Saved entries
================================

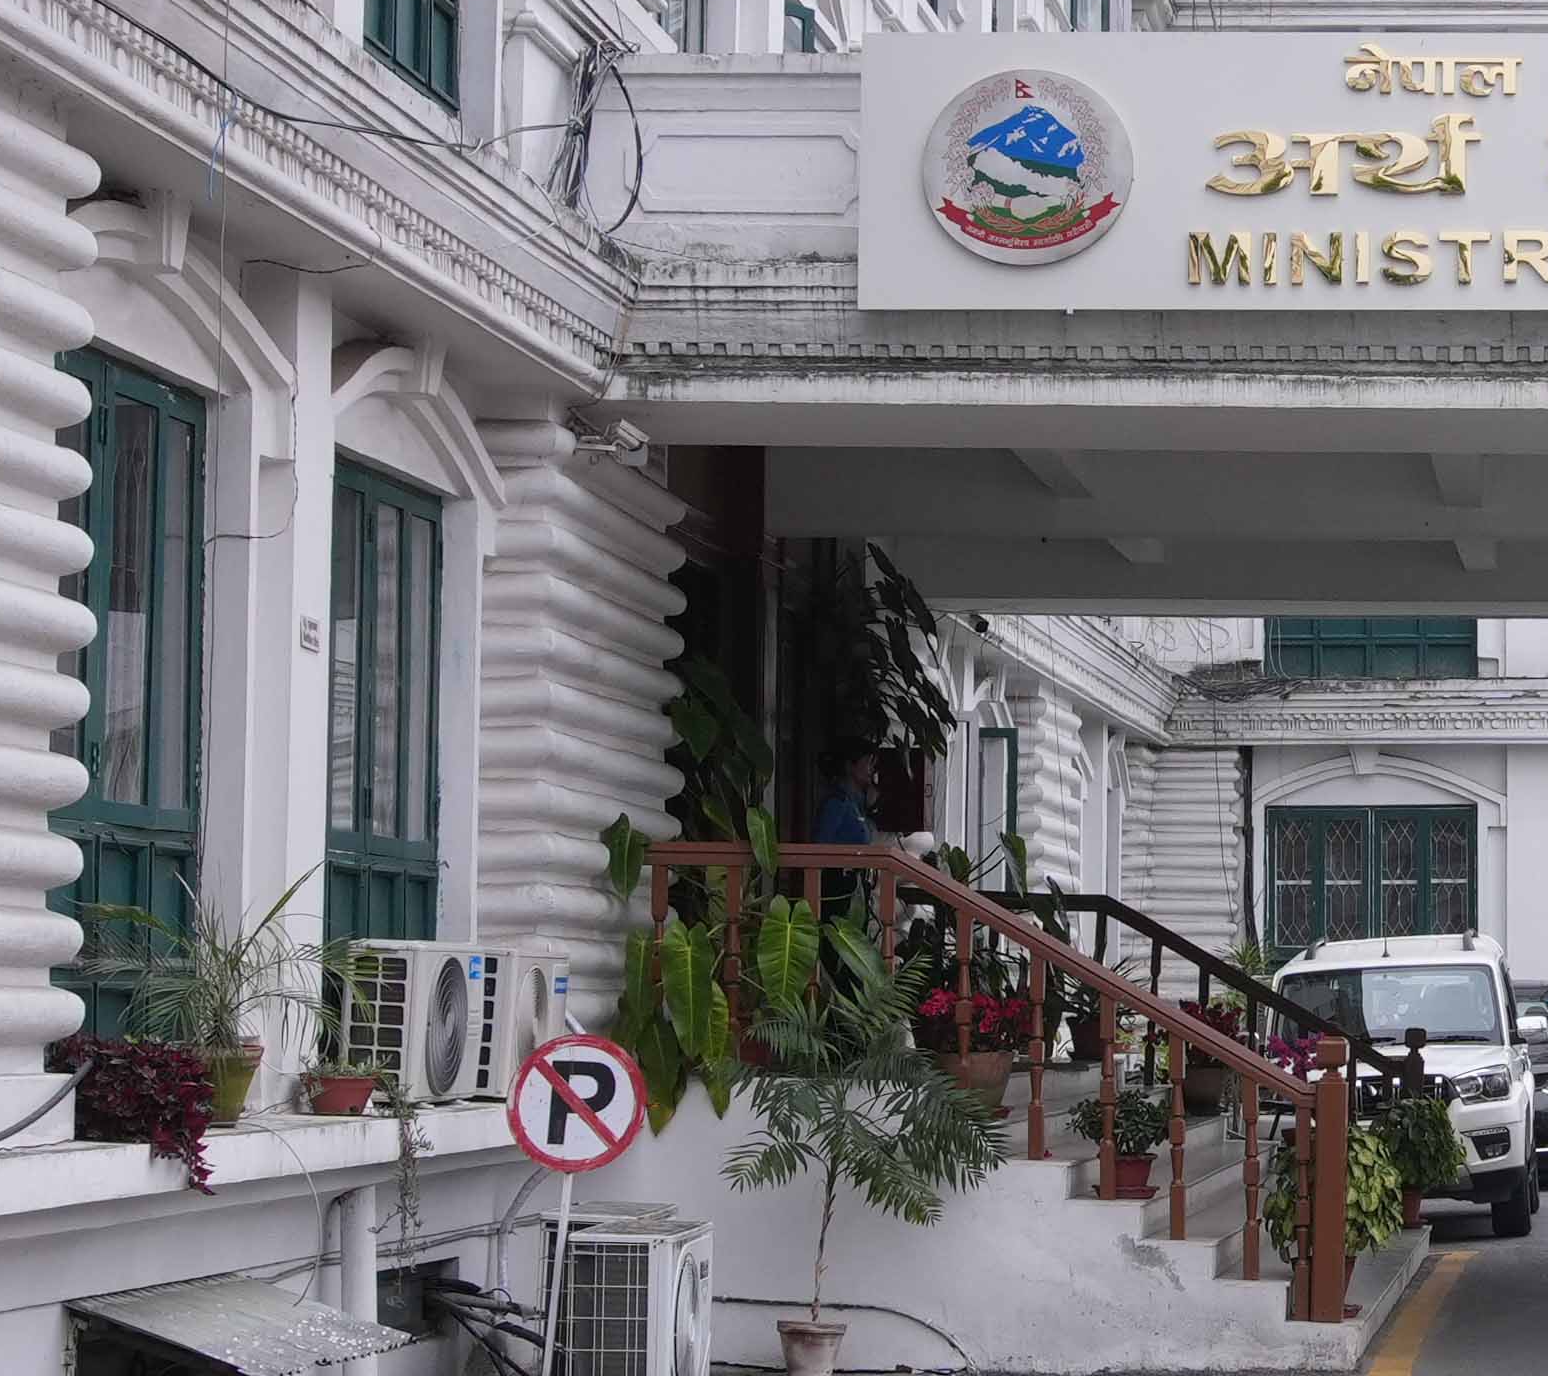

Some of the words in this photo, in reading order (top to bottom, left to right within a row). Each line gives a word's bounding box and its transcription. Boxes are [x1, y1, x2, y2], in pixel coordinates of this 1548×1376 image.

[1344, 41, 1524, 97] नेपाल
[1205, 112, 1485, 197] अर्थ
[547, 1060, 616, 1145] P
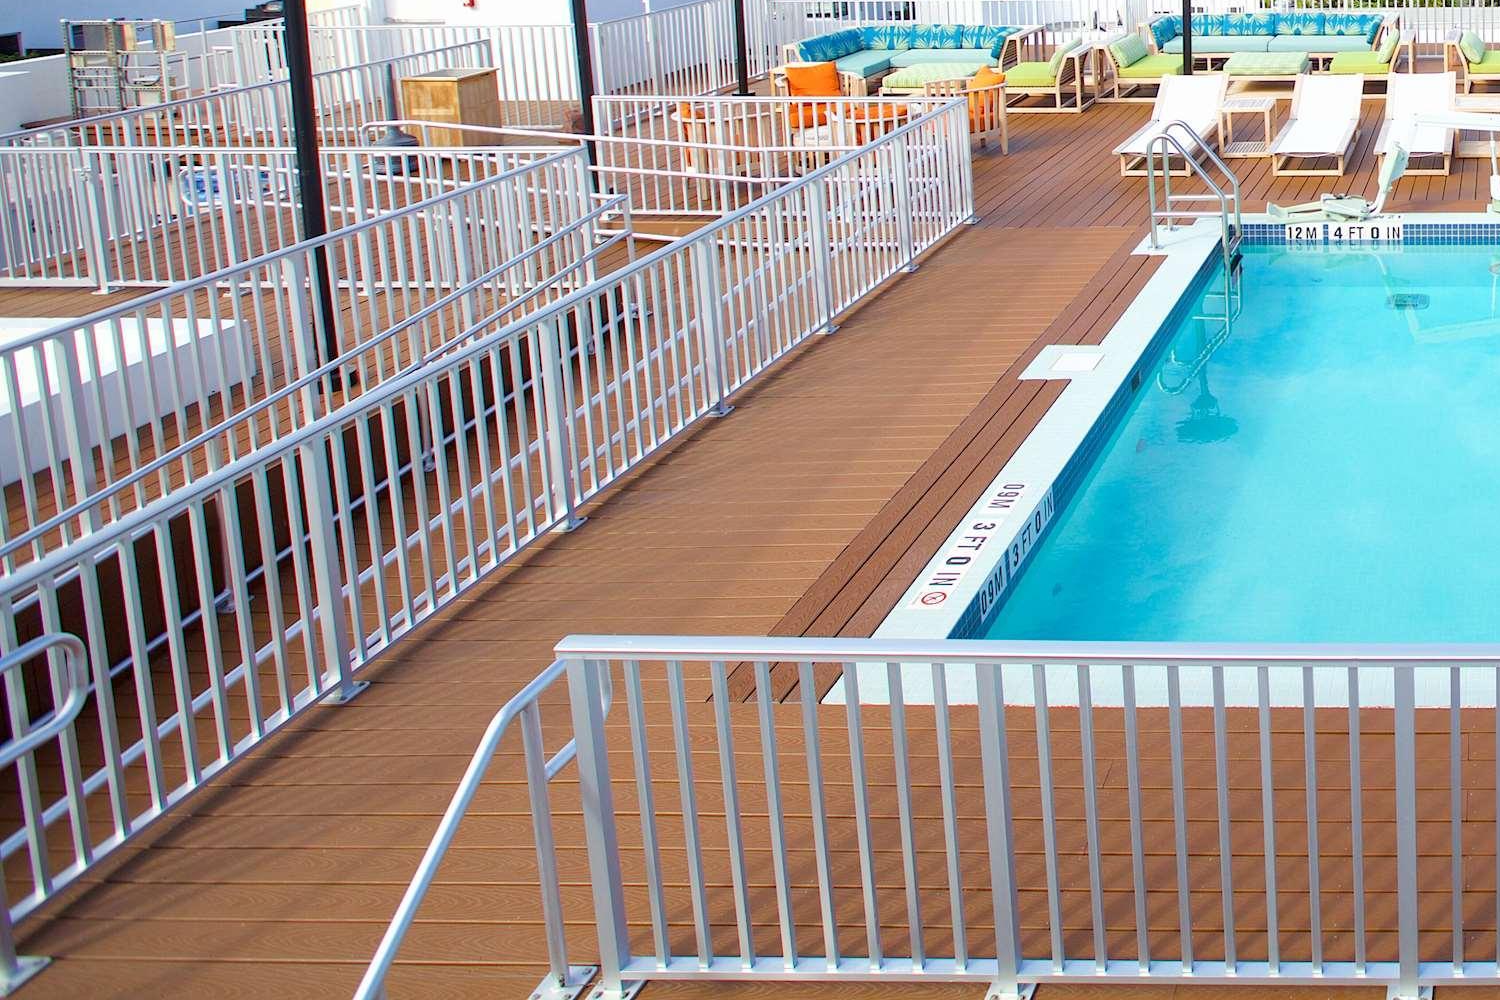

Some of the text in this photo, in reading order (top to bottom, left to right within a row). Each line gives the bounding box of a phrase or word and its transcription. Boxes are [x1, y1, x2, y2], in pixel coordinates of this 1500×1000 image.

================================

WHAT TO DO
Exactly as they stand, retype all the entries, but omit the pictures.

WRITTEN SOLUTION
Some of the words in this photo, in reading order (top to bottom, left to right within a row). Each line gives a word's bounding box and its transcription. Boxes are [x1, y1, x2, y2], in pixel coordinates of this 1548×1376 image.

[1344, 41, 1524, 97] नेपाल
[1205, 112, 1485, 197] अर्थ
[547, 1060, 616, 1145] P

Some of the text in this photo, in reading order (top to bottom, left to right within a row). Each line gives the bounding box of a phrase or word and its transcription. Boxes are [x1, y1, x2, y2], in pixel coordinates of this 1500×1000 image.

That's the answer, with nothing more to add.